Problem requirements:
Once the pictures are set aside, retype the remaining entries exactly.

Text-to-region grounding data:
┌──

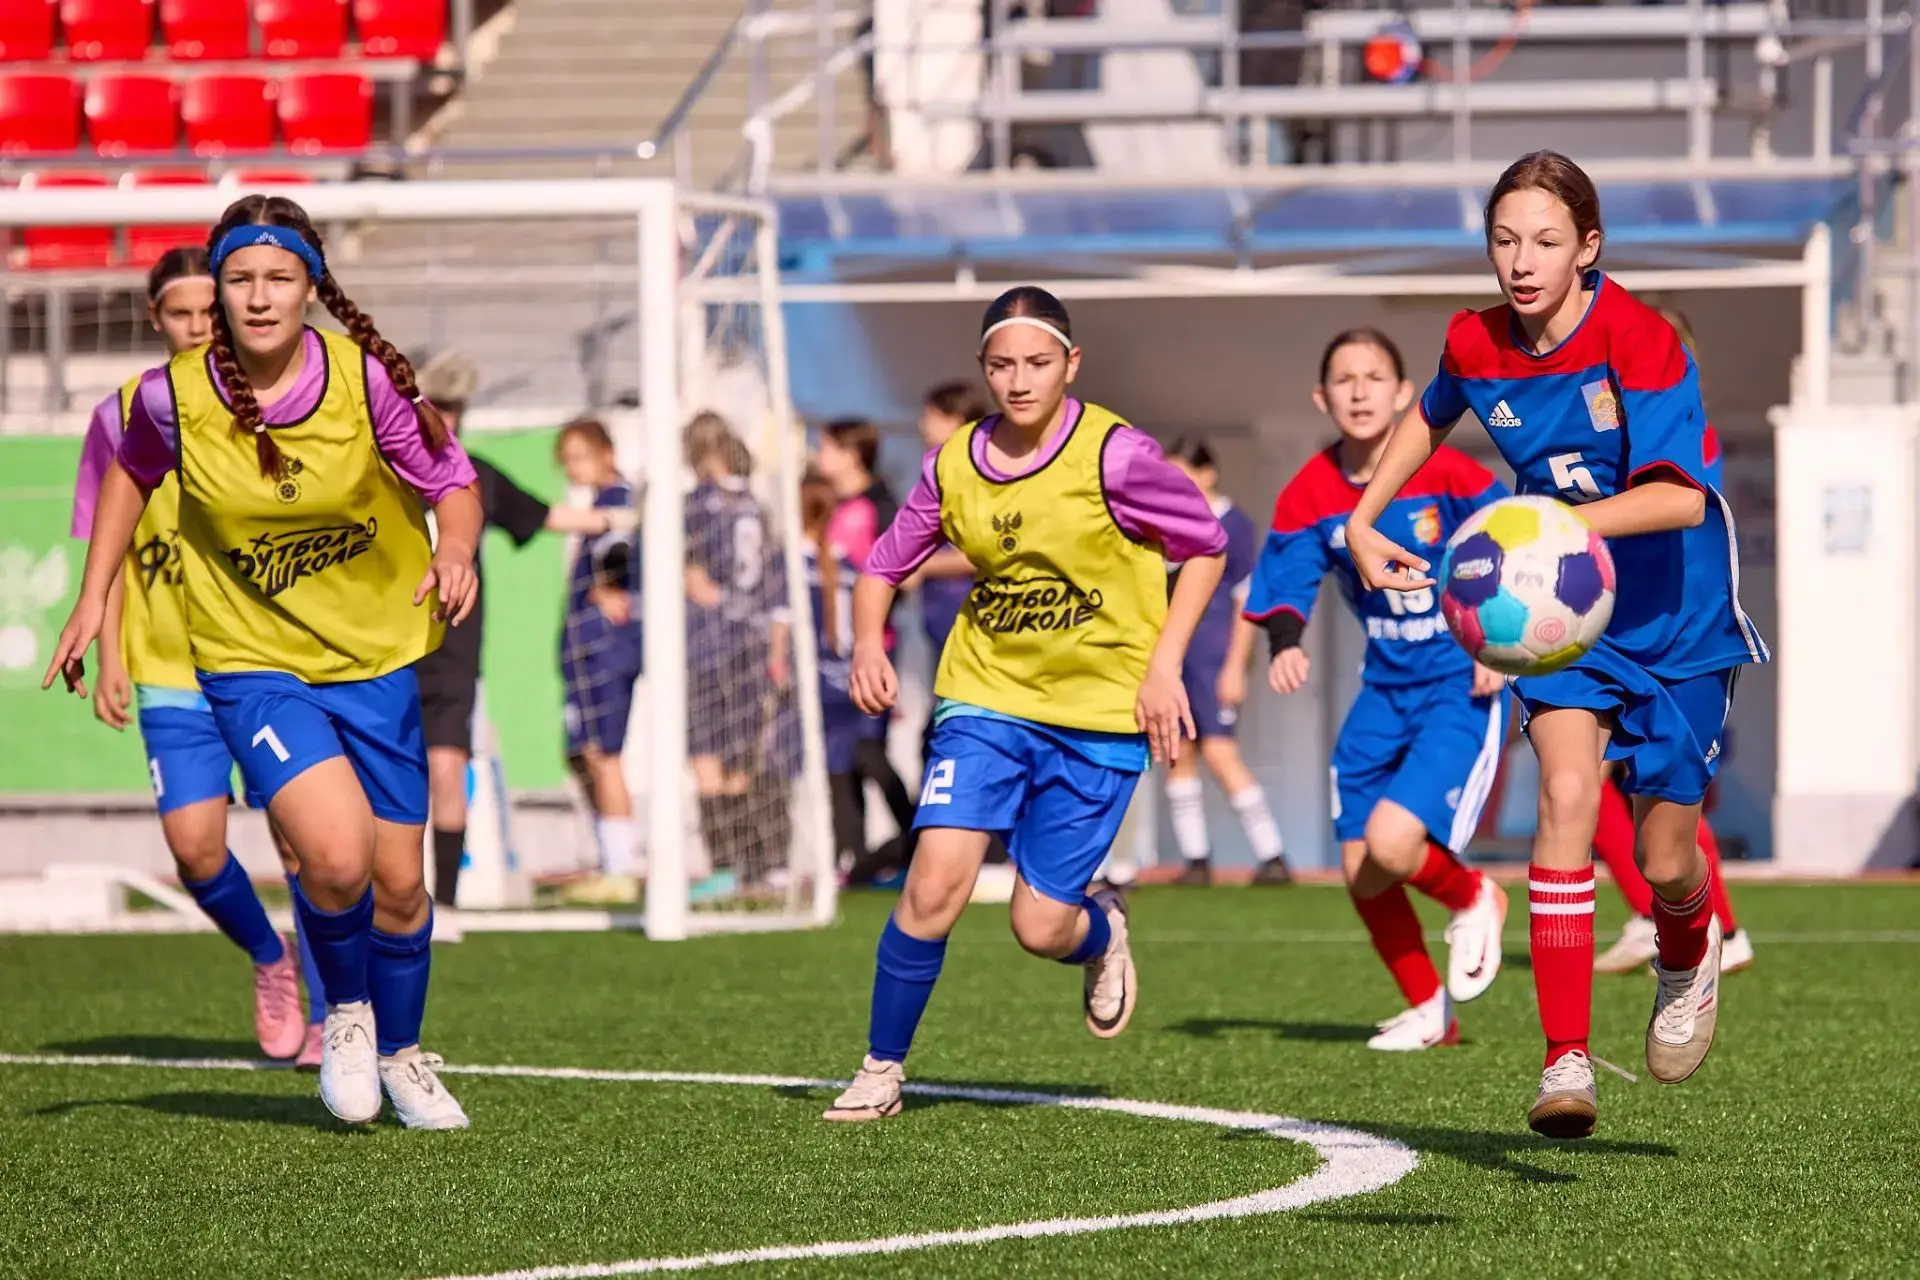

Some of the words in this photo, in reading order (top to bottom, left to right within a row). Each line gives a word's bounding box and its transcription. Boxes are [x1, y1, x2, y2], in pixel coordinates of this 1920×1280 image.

[1488, 416, 1522, 428] adidas
[1548, 451, 1603, 506] 5
[265, 540, 373, 598] ШКОЛЕ
[993, 605, 1095, 634] ШКОЛЕ
[920, 758, 956, 807] 12
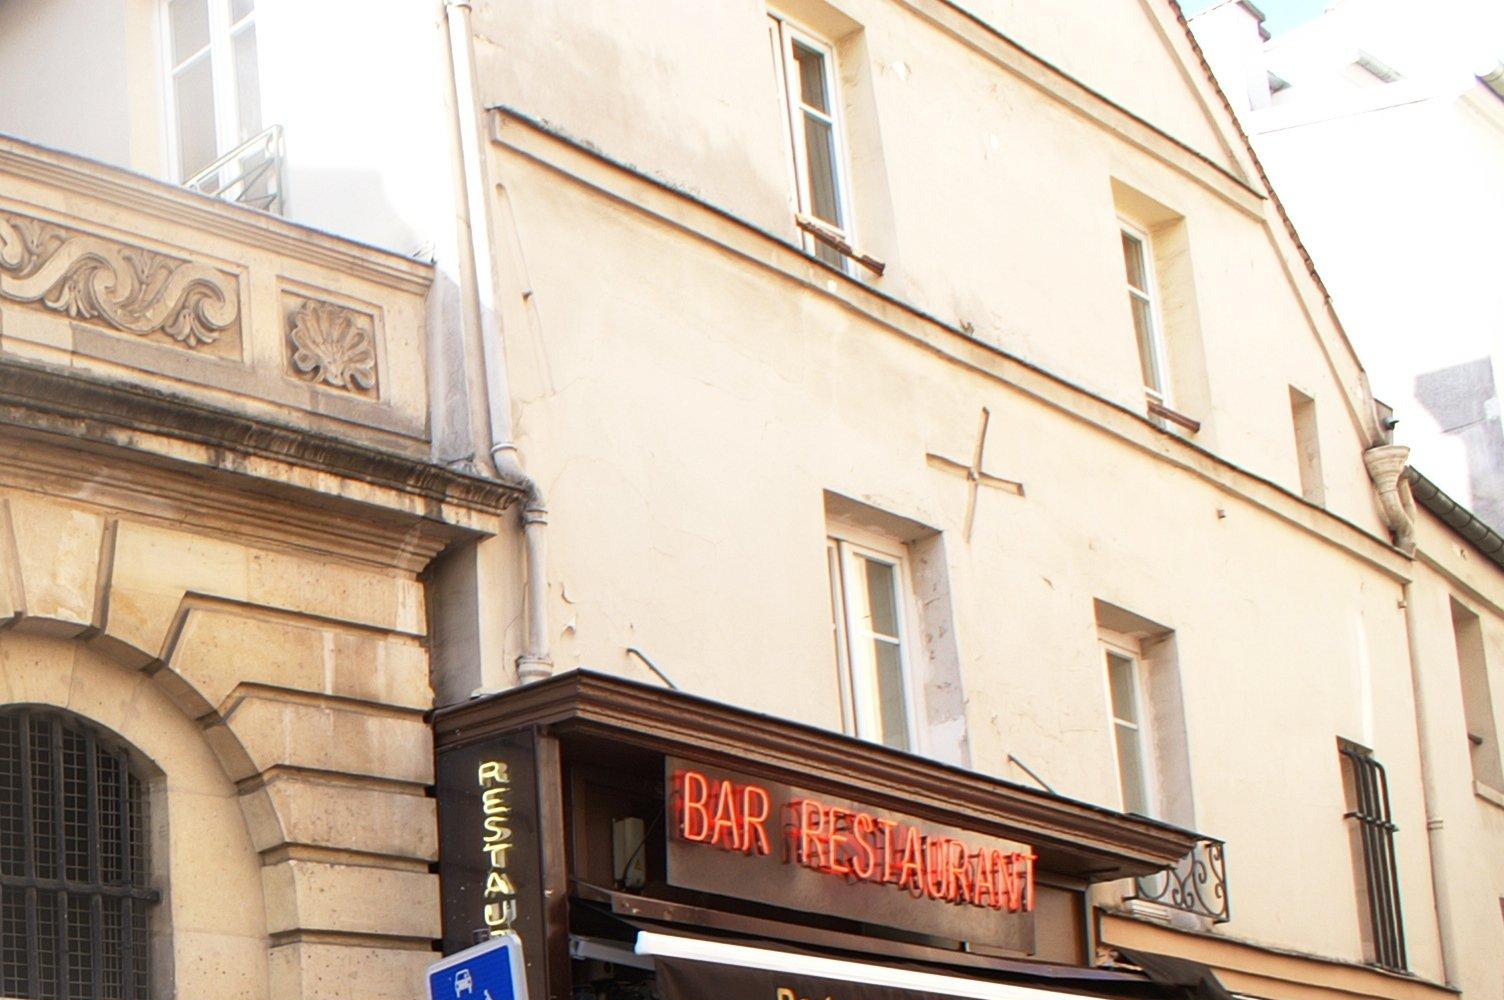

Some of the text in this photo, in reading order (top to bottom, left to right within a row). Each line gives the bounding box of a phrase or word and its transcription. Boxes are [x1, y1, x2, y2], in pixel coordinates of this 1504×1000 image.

└──

Solution:
Some of the words in this photo, in reading order (top to bottom, left to right within a row). Each line gives a word's bounding box and its transcription. Boxes are [x1, y1, x2, y2], in pixel coordinates of this 1920×1280 image.

[1488, 416, 1522, 428] adidas
[1548, 451, 1603, 506] 5
[265, 540, 373, 598] ШКОЛЕ
[993, 605, 1095, 634] ШКОЛЕ
[920, 758, 956, 807] 12

Some of the text in this photo, in reading order (top to bottom, left to right within a row). Each line gives the bounding box of a phrase or word and its transcription. Boxes are [x1, y1, x2, y2], in pixel coordinates of this 1504×1000 image.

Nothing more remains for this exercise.